Livio è un omino compatto e insospettabilmente robusto. La sua faccia, che quando ha iniziato a farmi compagnia era pallida e tirata, sta lentamente riprendendo colore. Rimane sulla soglia della porta finché non lo saluto; poi mi scosto dalla scrivania scorrendo sulla sedia girevole, gli indico la sua alcova e lui ci s’infila con un libro in mano – se leggo bene, una monografia sul periodo ‘Ubaid. Mi avvicino di nuovo alla scrivania, sistemo le gambe in modo che non gli diano fastidio, e accendo il computer per iniziare la mia mattina di lavoro. La scrivania è chiusa sul lato che dà verso la porta, quindi per chi si affaccia alla mia porta o entra in studio, notare Livio sotto il mio tavolo è praticamente impossibile.

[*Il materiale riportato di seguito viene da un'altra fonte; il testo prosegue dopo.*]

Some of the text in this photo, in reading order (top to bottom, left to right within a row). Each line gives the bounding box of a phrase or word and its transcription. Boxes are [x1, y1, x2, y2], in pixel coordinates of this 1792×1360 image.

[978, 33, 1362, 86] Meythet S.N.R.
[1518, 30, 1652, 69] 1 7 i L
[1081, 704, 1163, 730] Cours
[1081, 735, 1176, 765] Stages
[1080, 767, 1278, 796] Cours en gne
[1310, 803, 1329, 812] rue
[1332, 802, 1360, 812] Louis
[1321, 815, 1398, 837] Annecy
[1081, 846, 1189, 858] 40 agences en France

Mi metto a guardare un papiro particolarmente rognoso. L’immagine è ad alta risoluzione e le lettere le leggo bene, ma al rigo 15 non mi torna la grammatica della frase. Però sono riluttante a correggere il testo solo perché non lo capisco. Emergo da una prima fase di concentrazione rabbiosa verso le dieci e mezza del mattino, preso dal senso di colpa – del tutto inutile – per aver ignorato Livio che nel frattempo ha letto in silenzio.
– Stai comodo, Livio?
– Comodissimo, Giorgio, risponde lui senza alzare il naso dal libro.
– Vuoi un altro cuscino?
– Grazie, ne ho già tre.
– Vuoi che a pranzo ti vada a prendere uno di quei panini con la cotoletta che fanno dal pakistano?
– Per carità, io il fritto non lo devo nemmeno vedere. Ma tu pranzi alle dieci e mezza?
– No, dicevo dopo.
– Ah! Comunque no, grazie.
Sento gridare una voce dal corridoio:
– Con chi sei, Giorgio?
– Da solo, Elvira, rispondo.
Ma Elvira non si arrende facilmente. Eccola sulla soglia della mia porta, mentre si rimette a posto i capelli col fermaglio.

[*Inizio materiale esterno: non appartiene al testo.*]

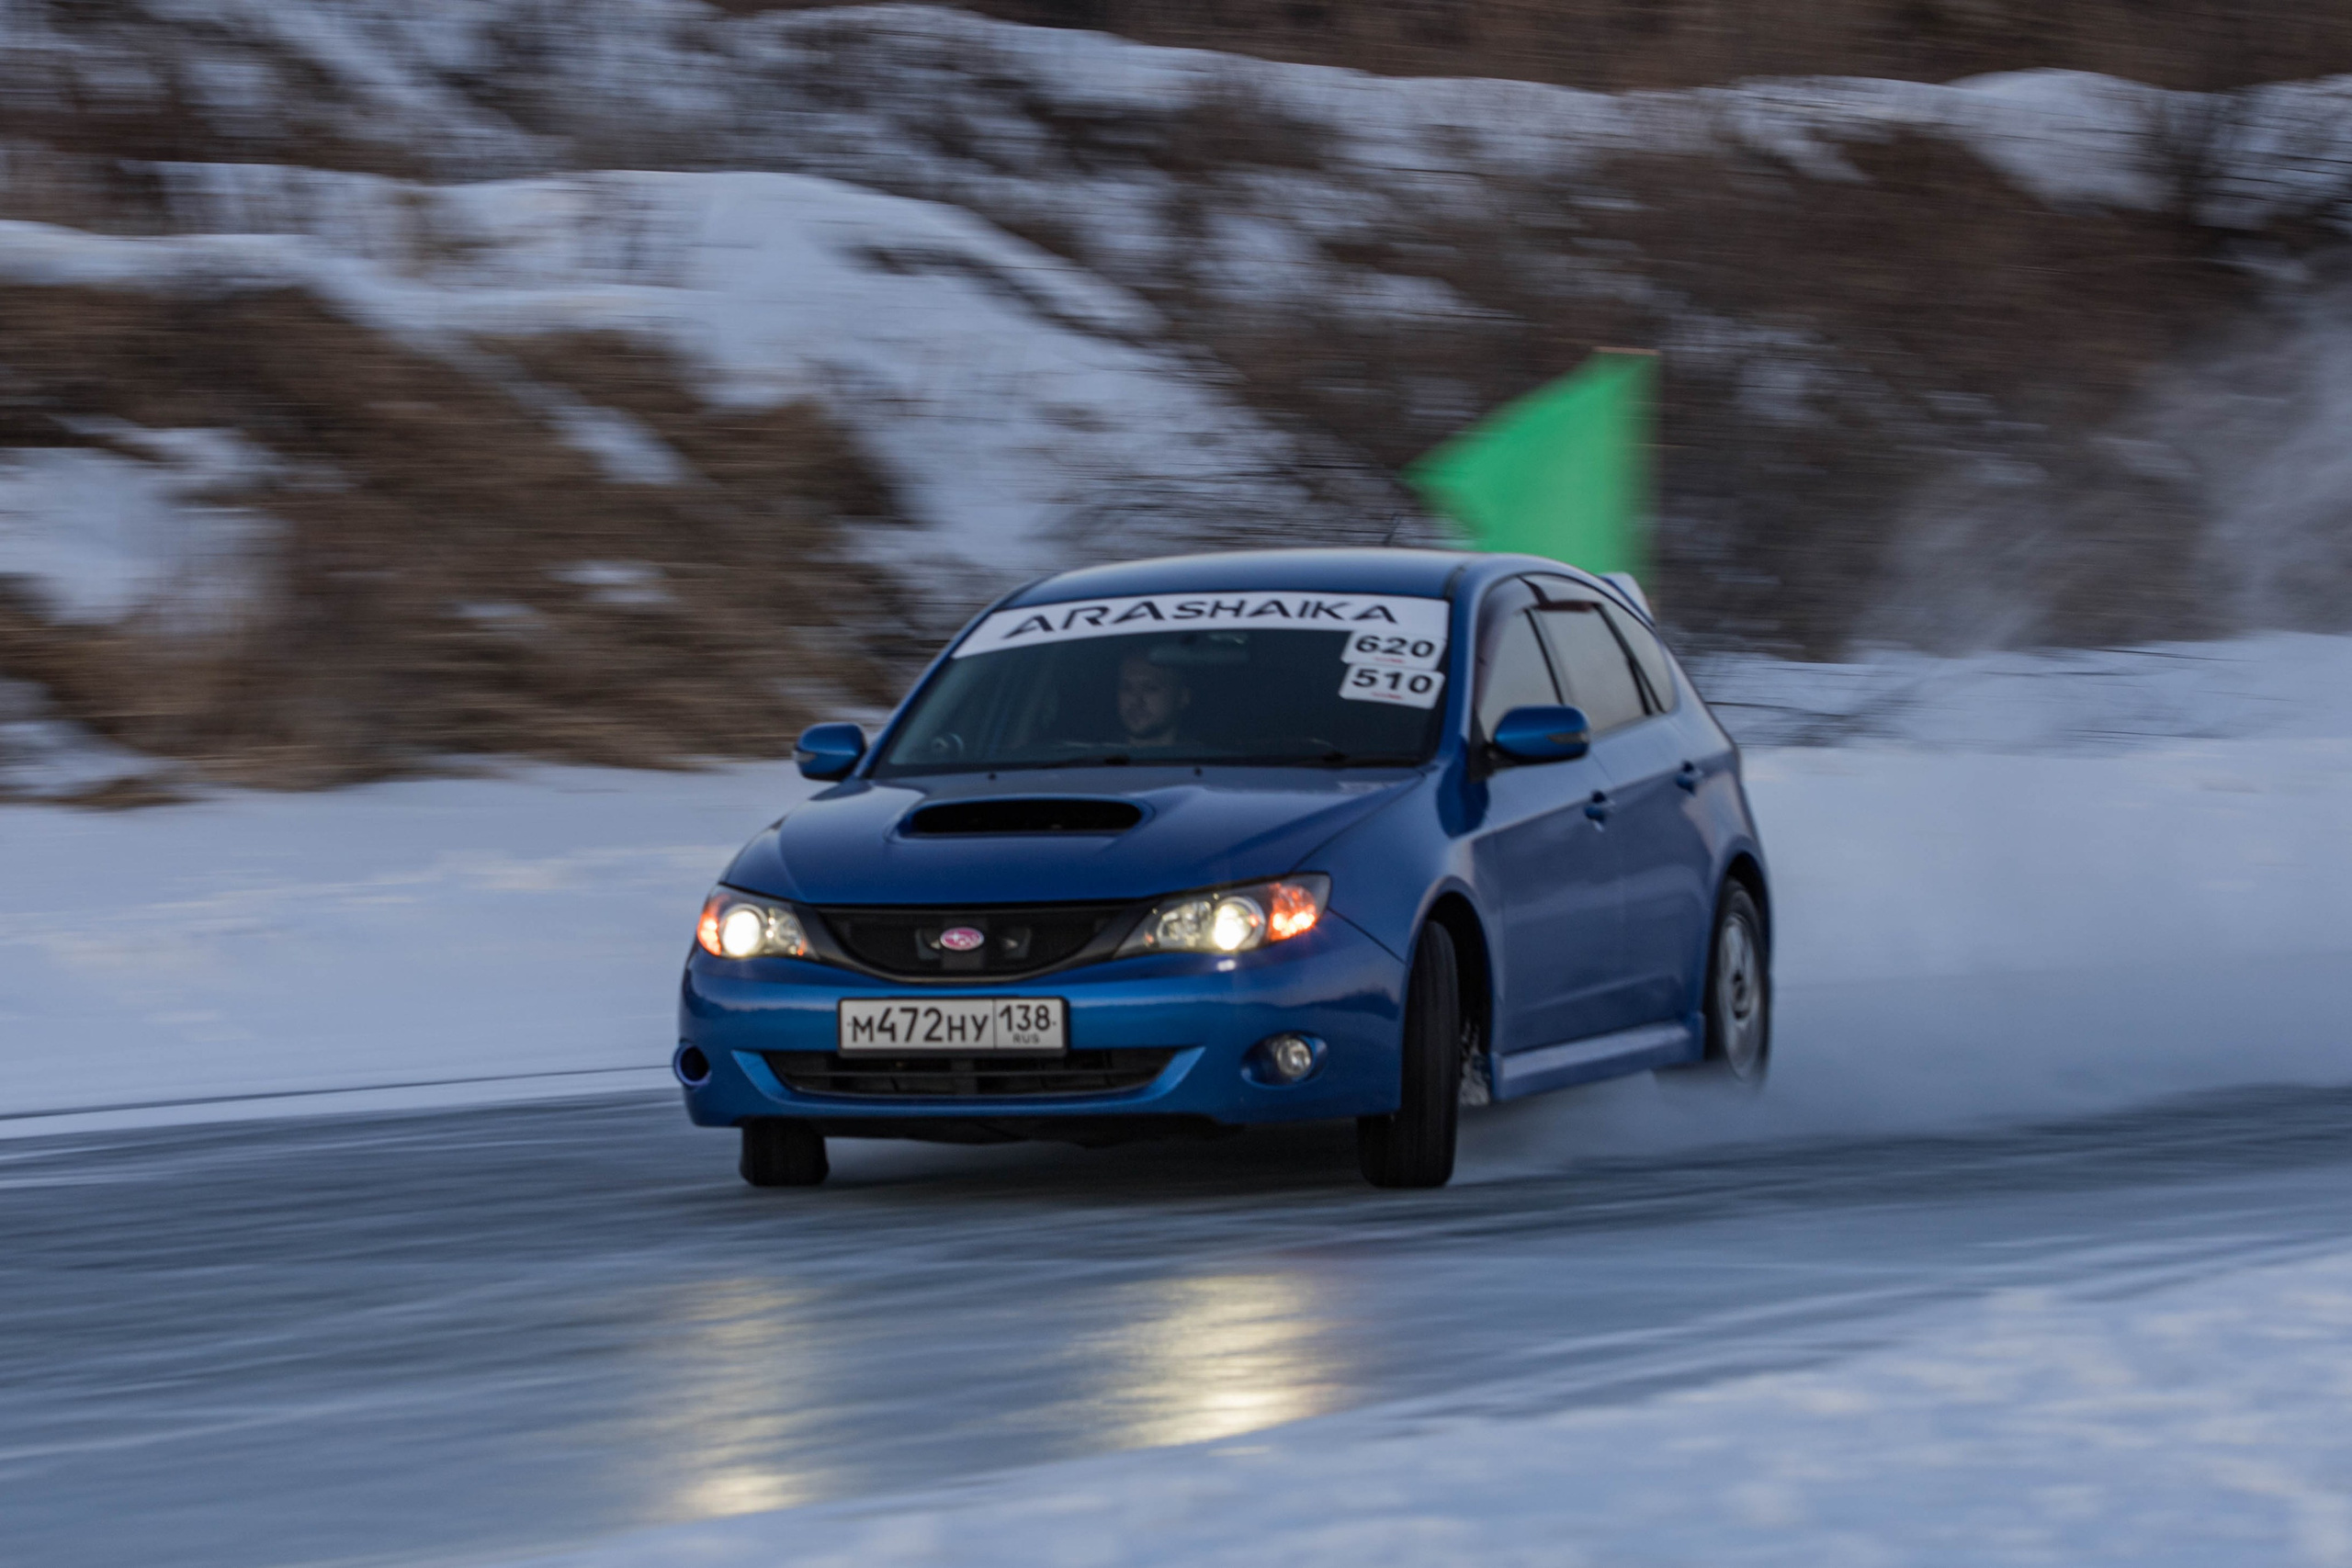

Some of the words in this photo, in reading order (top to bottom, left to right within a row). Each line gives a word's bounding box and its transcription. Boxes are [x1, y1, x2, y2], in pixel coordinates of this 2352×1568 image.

[1002, 600, 1398, 639] ARASHAIKA
[1355, 635, 1434, 658] 620
[1351, 669, 1433, 694] 510
[852, 1007, 989, 1043] М472НУ
[999, 1005, 1050, 1032] 138
[1012, 1033, 1040, 1044] RUS

– Non c’è Bernacchi con te…?
– Non vedo Livio da settimane.
– Cazzo. Al telefono non risponde e l’ho cercato per tutto il palazzo.
– Vuoi lasciarmi detto, così se lo vedo…
– E che ti dico? C’è tutto, c’è, si sbraccia Elvira irritata. – Siamo col cappio al collo. Manca la sua parte di moduli per il PRIN che dobbiamo presentare a novembre. Ci doveva scrivere la sezione ‘Excellence’ per una MSCA di sezione che scade a settembre. Va bene, è stato male, ma ormai gli dovrebbe essere passato. Se si degna di comparire, digli che risponda al telefono e che è un coglione.
– Ma certo, Elvira.
Elvira si allontana e Livio mormora:
– Se la strega si occupasse di studiare e pubblicare tanto quanto si occupa di queste stronzate di raccolta fondi, forse almeno associato ci diventava.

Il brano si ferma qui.